The entries below are to be returned as written, with all pictures dropped.

#### SUPPLIED MATERIAL ####

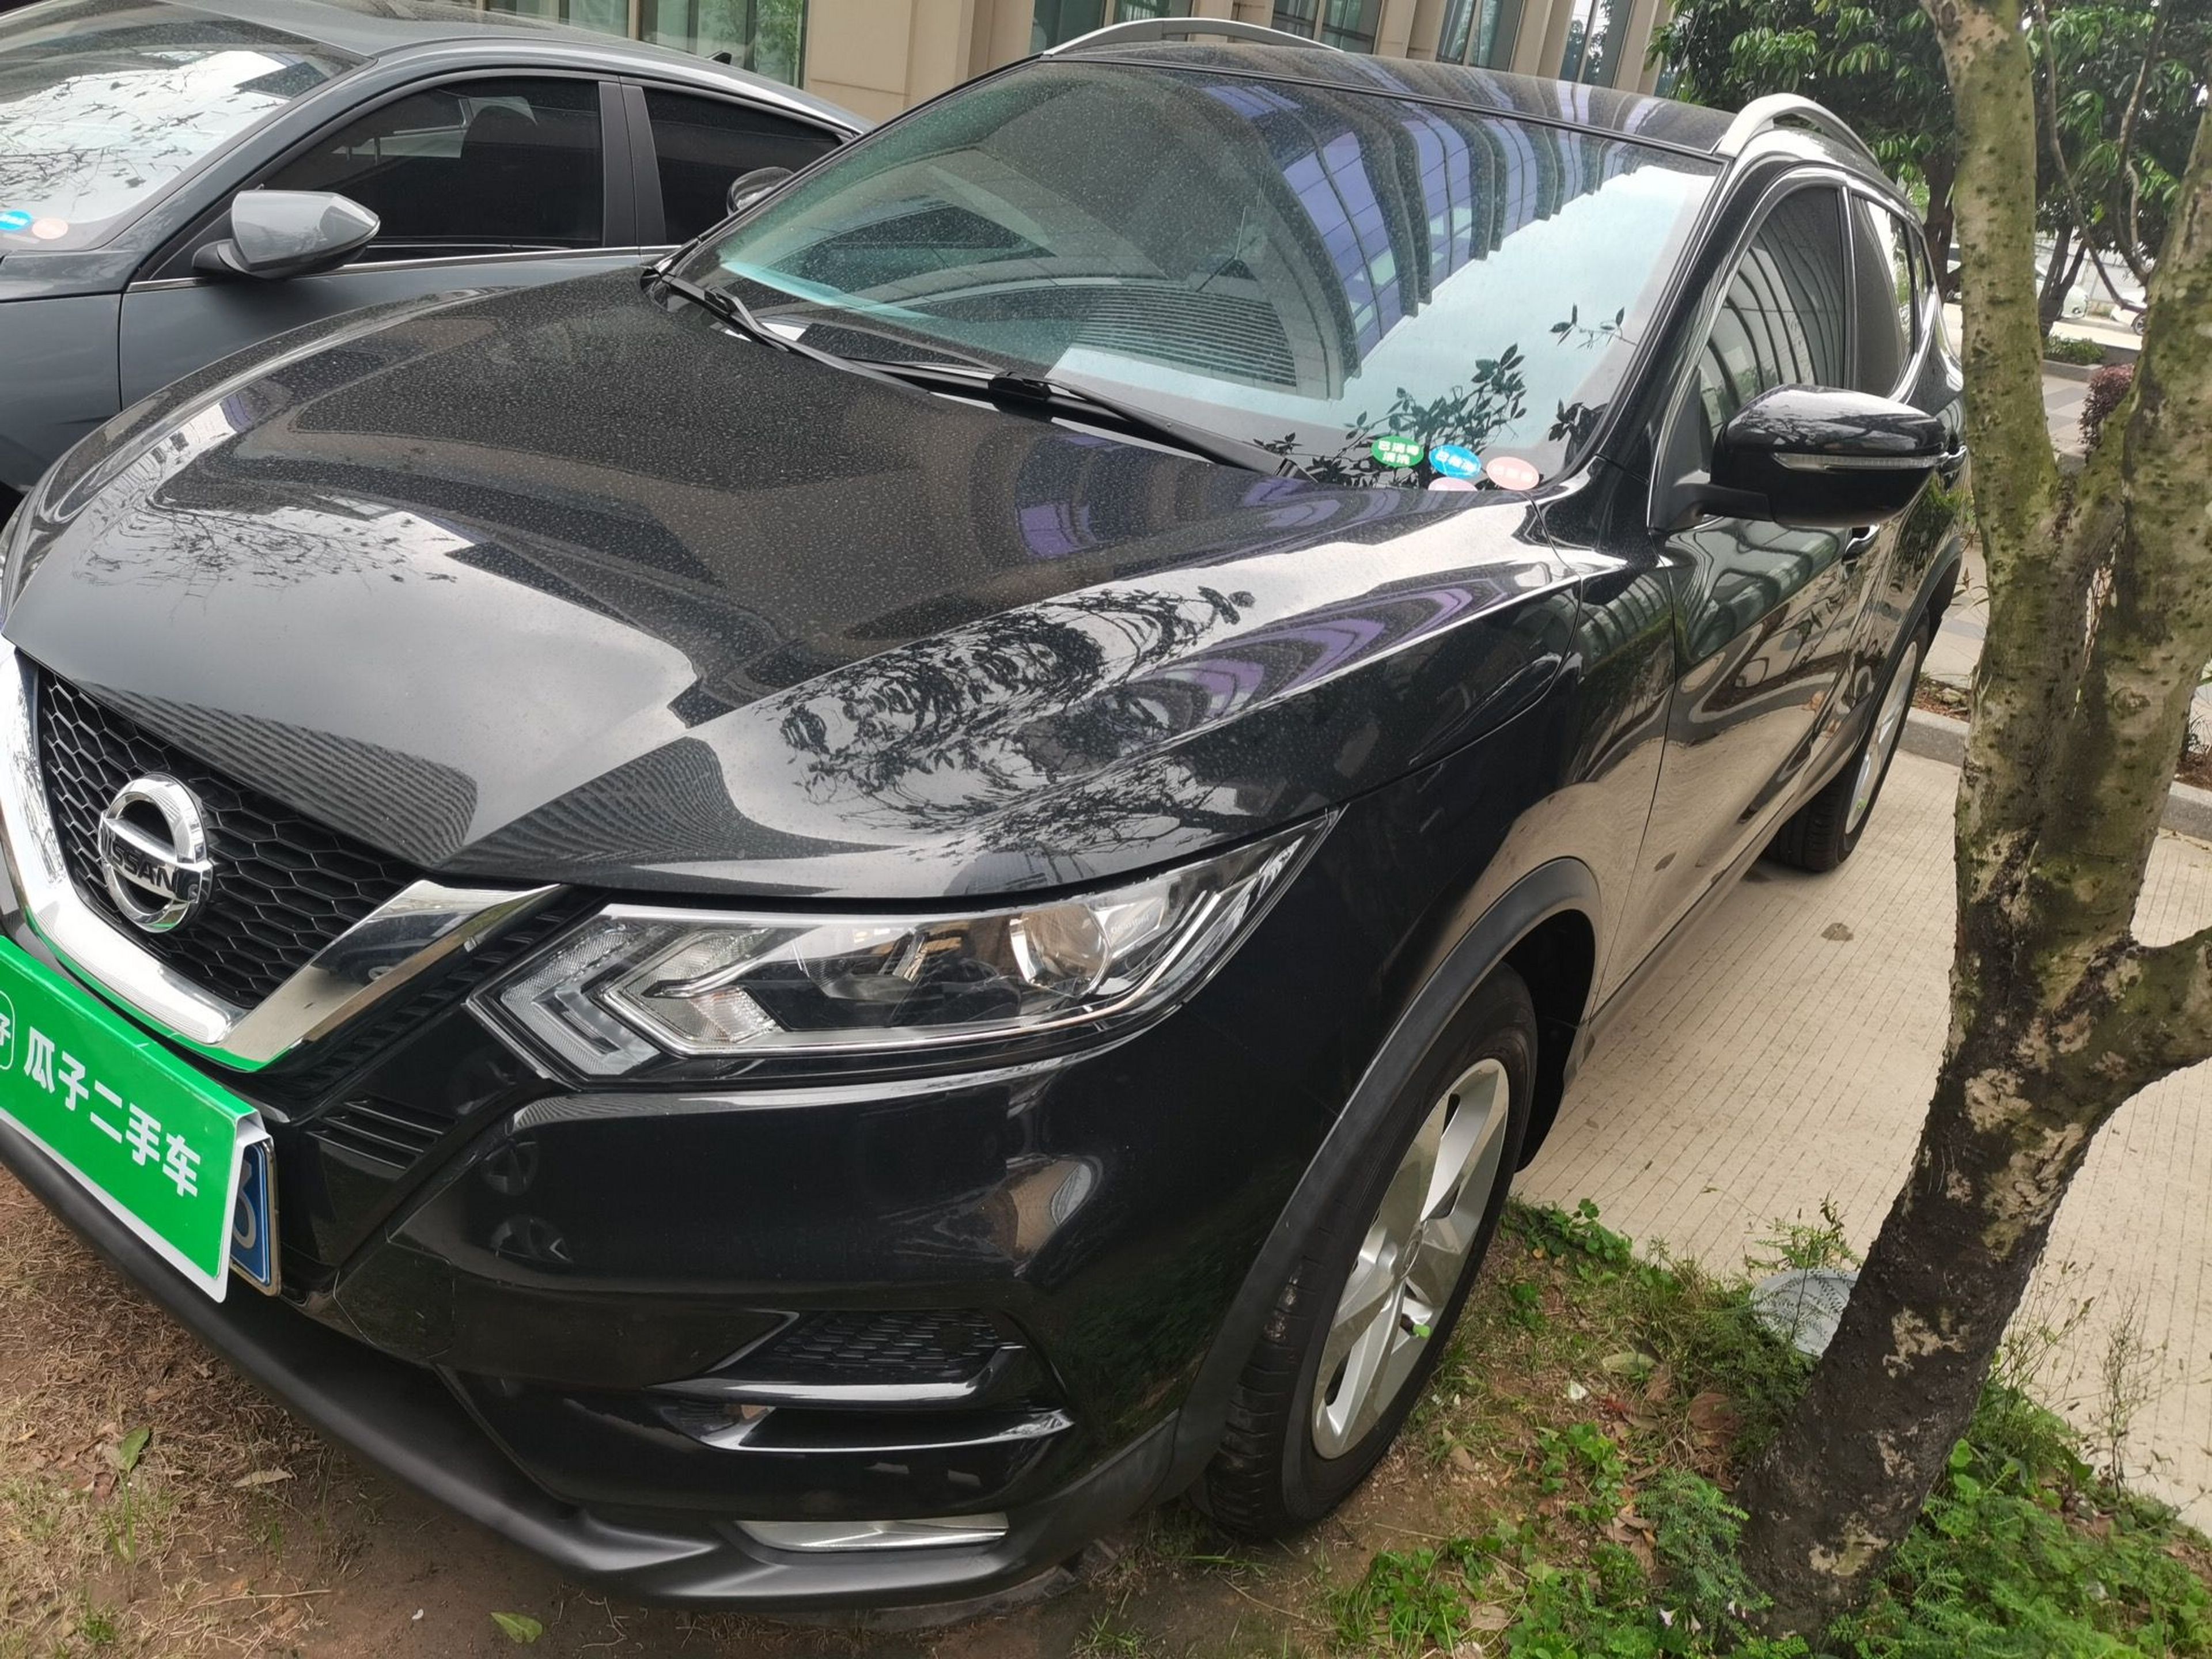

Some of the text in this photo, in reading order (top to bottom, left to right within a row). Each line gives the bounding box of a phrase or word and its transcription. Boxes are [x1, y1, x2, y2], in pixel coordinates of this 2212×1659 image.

[24, 1026, 200, 1198] 瓜子二手车
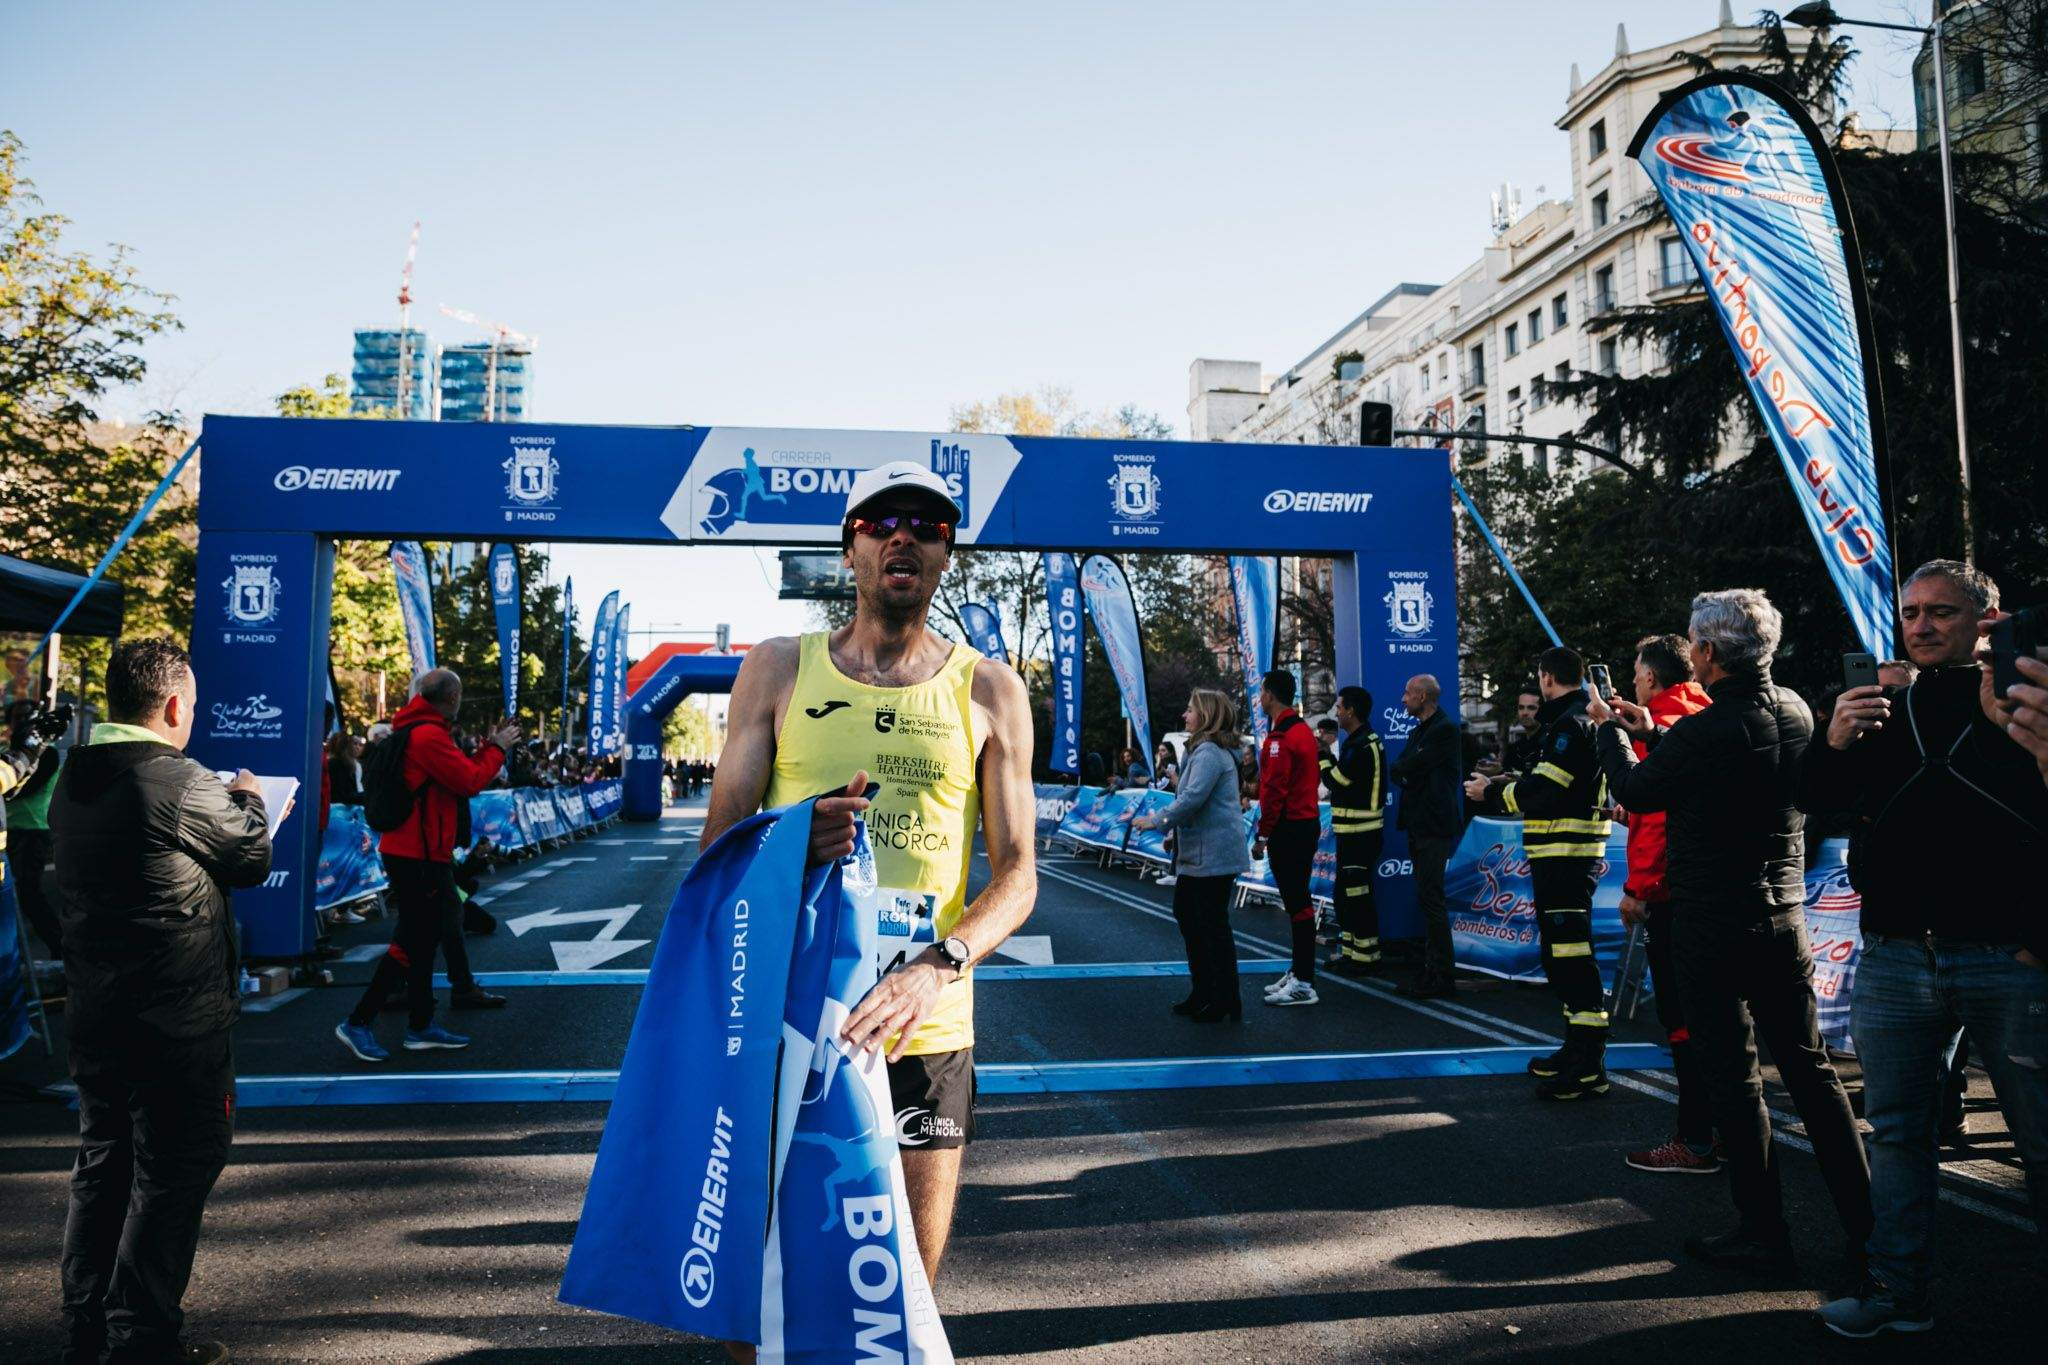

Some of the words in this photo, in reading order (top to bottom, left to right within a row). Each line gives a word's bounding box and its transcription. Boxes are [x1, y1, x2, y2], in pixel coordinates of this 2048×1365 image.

[509, 436, 556, 446] BOMBEROS
[771, 449, 832, 465] CARRERA
[1113, 454, 1156, 463] BOMBEROS
[308, 468, 402, 491] ENERVIT
[1293, 491, 1373, 514] ENERVIT
[517, 512, 556, 521] MADRID
[1124, 526, 1160, 535] MADRID
[230, 554, 278, 563] BOMBEROS
[1388, 571, 1429, 579] BOMBEROS
[236, 634, 277, 643] MADRID
[1399, 644, 1434, 653] MADRID
[591, 629, 606, 756] BOMBEROS
[651, 675, 680, 704] MADRID
[211, 702, 243, 716] Club
[217, 713, 282, 733] Deportivo
[899, 717, 916, 726] San
[898, 726, 911, 735] de
[911, 728, 923, 736] los
[925, 729, 950, 740] Reyes
[896, 787, 919, 798] Spain
[863, 808, 924, 832] LÍNICA
[868, 830, 949, 851] ENORCA
[1452, 914, 1518, 942] bomberos
[1519, 926, 1535, 944] de
[729, 899, 750, 1018] MADRID
[922, 1115, 955, 1127] CLÍNICA
[920, 1125, 964, 1137] MENORCA
[691, 1106, 734, 1254] ENERVIT

####

_ANSWER_
Some of the text in this photo, in reading order (top to bottom, left to right within a row). Each line gives the bounding box of a phrase or word and its transcription. Boxes are [x1, y1, x2, y2], in pixel coordinates of this 2212×1659 image.

[24, 1026, 200, 1198] 瓜子二手车

Some of the words in this photo, in reading order (top to bottom, left to right within a row). Each line gives a word's bounding box and its transcription. Boxes are [x1, y1, x2, y2], in pixel coordinates of this 2048×1365 image.

[509, 436, 556, 446] BOMBEROS
[771, 449, 832, 465] CARRERA
[1113, 454, 1156, 463] BOMBEROS
[308, 468, 402, 491] ENERVIT
[1293, 491, 1373, 514] ENERVIT
[517, 512, 556, 521] MADRID
[1124, 526, 1160, 535] MADRID
[230, 554, 278, 563] BOMBEROS
[1388, 571, 1429, 579] BOMBEROS
[236, 634, 277, 643] MADRID
[1399, 644, 1434, 653] MADRID
[591, 629, 606, 756] BOMBEROS
[651, 675, 680, 704] MADRID
[211, 702, 243, 716] Club
[217, 713, 282, 733] Deportivo
[899, 717, 916, 726] San
[898, 726, 911, 735] de
[911, 728, 923, 736] los
[925, 729, 950, 740] Reyes
[896, 787, 919, 798] Spain
[863, 808, 924, 832] LÍNICA
[868, 830, 949, 851] ENORCA
[1452, 914, 1518, 942] bomberos
[1519, 926, 1535, 944] de
[729, 899, 750, 1018] MADRID
[922, 1115, 955, 1127] CLÍNICA
[920, 1125, 964, 1137] MENORCA
[691, 1106, 734, 1254] ENERVIT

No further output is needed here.